Pergunta (em inglês [tradução]): Há alguma hipótese de a Rússia e os EUA se sentarem novamente à mesa de negociações?
Serguei Lavrov (em inglês [tradução]): Não fomos nós que abdicámos de todos os contactos. Quem o fez foram os EUA. Não temos nenhuma intenção de “correr atrás de ninguém” a pedir reuniões. Se o lado norte-americano não quer conversar, esta é a sua escolha.
Pergunta (em inglês [tradução]): O ex-Primeiro-Ministro do Japão foi morto a tiro. Tem algum comentário a fazer a este respeito?
Serguei Lavrov (em inglês [tradução]): Acabo de dizer que fui a única pessoa na reunião a transmitir as minhas condolências ao lado japonês através do Ministro dos Negócios Estrangeiros do Japão.
Pergunta (em inglês [tradução]): O Ministro dos Negócios Estrangeiros australiano qualificou de ilegal, imoral e não provocada a guerra russa na Ucrânia. O que tem a dizer sobre isto?

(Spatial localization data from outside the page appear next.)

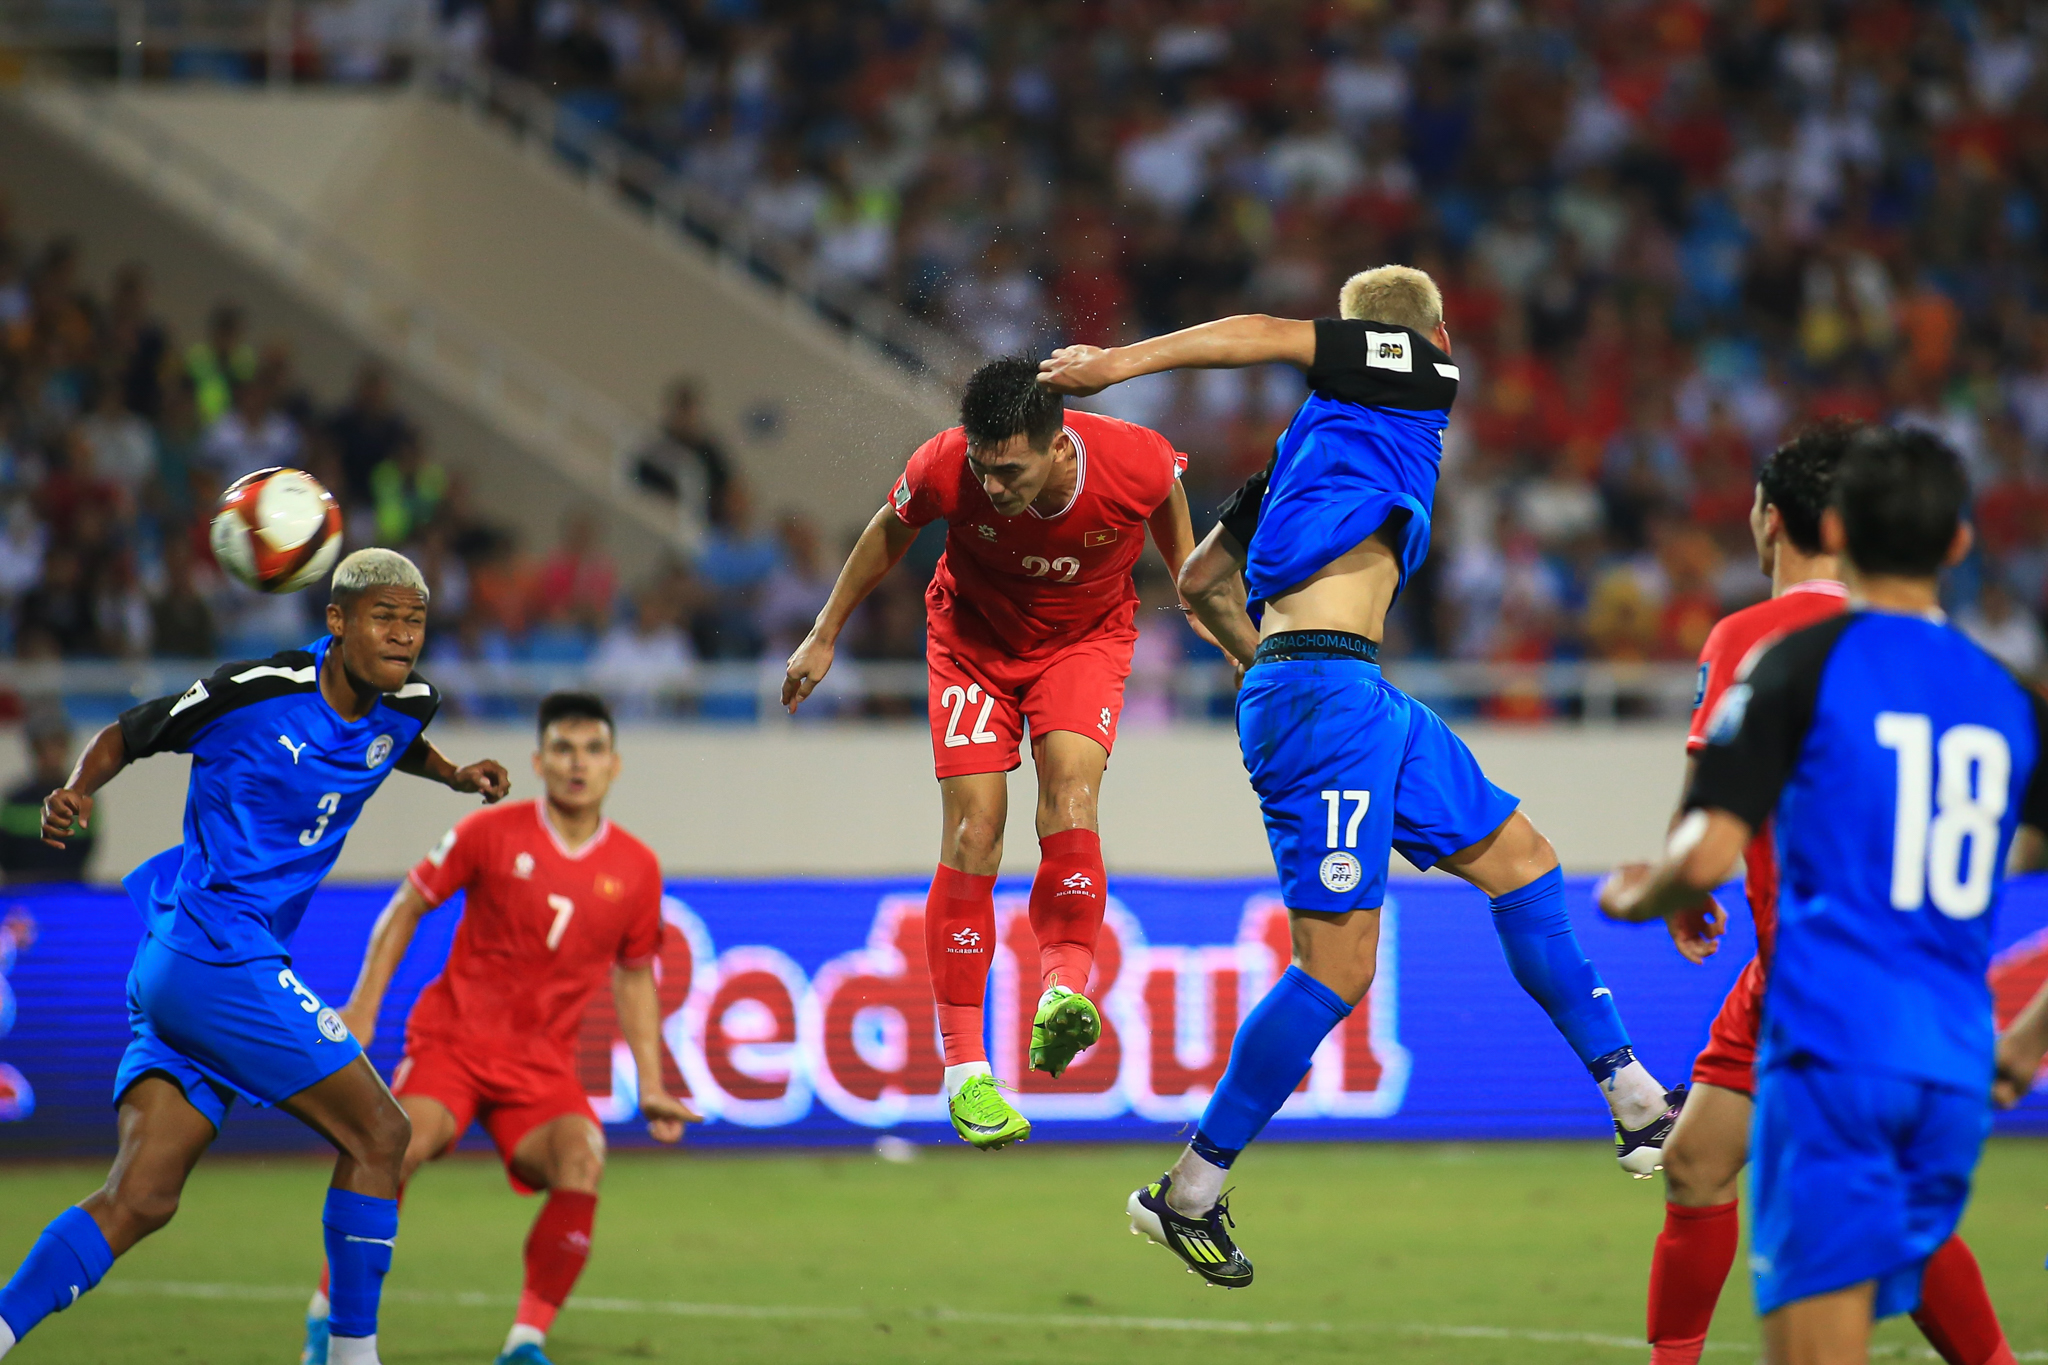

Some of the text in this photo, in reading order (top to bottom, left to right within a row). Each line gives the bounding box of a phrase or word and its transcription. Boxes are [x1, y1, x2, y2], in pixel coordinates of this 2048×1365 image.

[1022, 555, 1080, 583] 22
[941, 682, 997, 748] 22
[298, 791, 342, 847] 3
[1320, 789, 1371, 849] 17
[1874, 711, 2011, 920] 18
[1331, 873, 1353, 882] PFF
[546, 893, 575, 950] 7
[277, 968, 321, 1014] 3
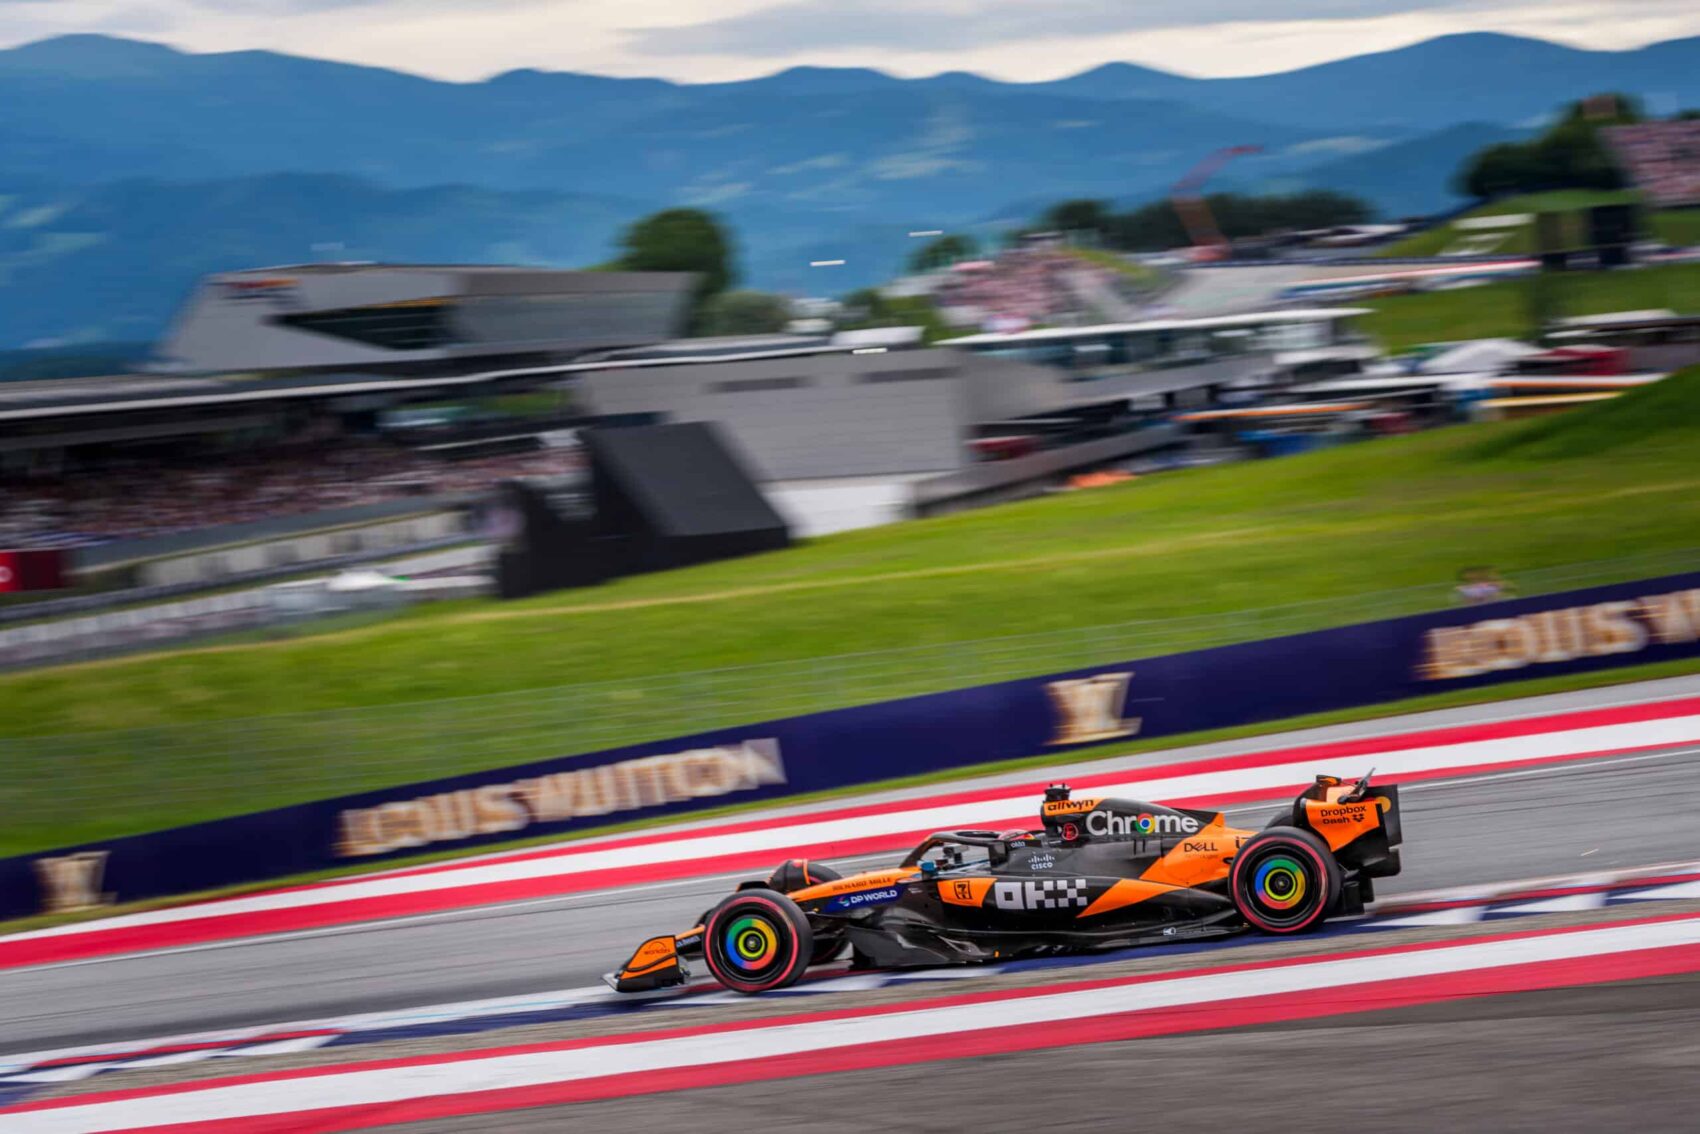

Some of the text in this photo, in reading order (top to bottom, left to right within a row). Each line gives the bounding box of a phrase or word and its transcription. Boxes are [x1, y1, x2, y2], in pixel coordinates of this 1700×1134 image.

[1047, 799, 1095, 811] allwyn
[1320, 805, 1367, 817] Dropbox
[1086, 810, 1199, 836] Chrome
[1323, 815, 1350, 825] Dash
[1184, 842, 1219, 853] DELL
[850, 889, 898, 904] DP WORLD
[994, 878, 1088, 910] OKX
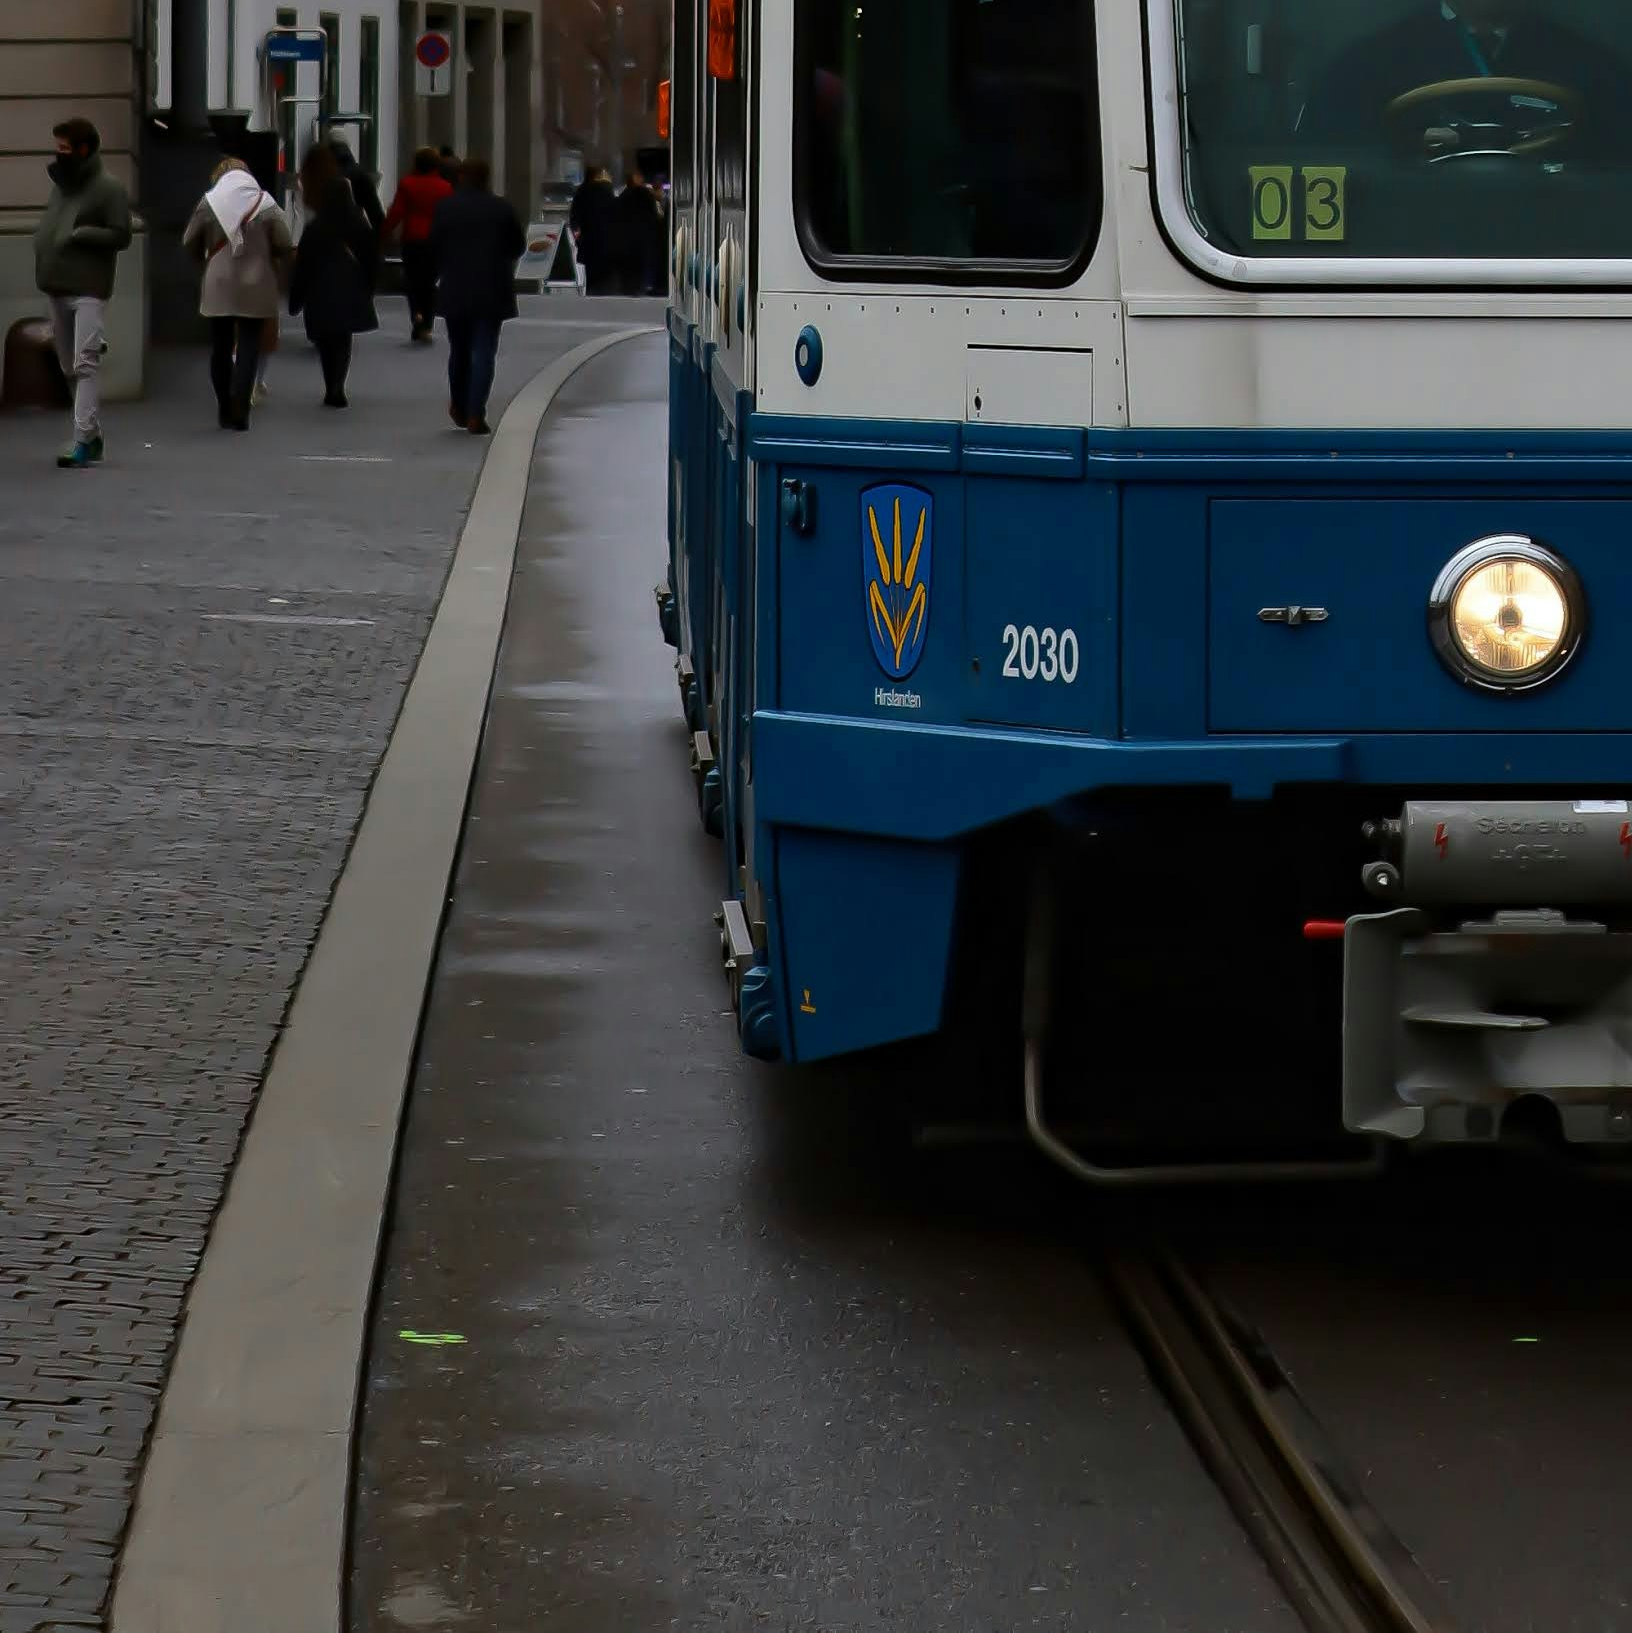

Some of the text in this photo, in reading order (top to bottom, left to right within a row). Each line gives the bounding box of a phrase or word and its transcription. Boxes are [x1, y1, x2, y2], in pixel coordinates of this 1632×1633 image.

Serguei Lavrov (em inglês [tradução]): Se a Austrália está muito preocupada com o que está a acontecer a milhares de quilómetros de distância, aconselharia Camberra, antes de fazer quaisquer comentários, a consultar volumes de documentos que expõem as causas da situação que se está a criar neste momento na Ucrânia. Tenho a certeza que a Austrália, como país responsável, examina normalmente os factos antes de fazer declarações. Não tenho dúvidas de que a Embaixada da Austrália em Moscovo está a tentar levar ao conhecimento do seu governo a informação das origens deste conflito de longa data obtida pelos seus diplomatas. Não é problema meu se os seus relatórios estiverem a ser ignorados por Camberra. A escolha é deles.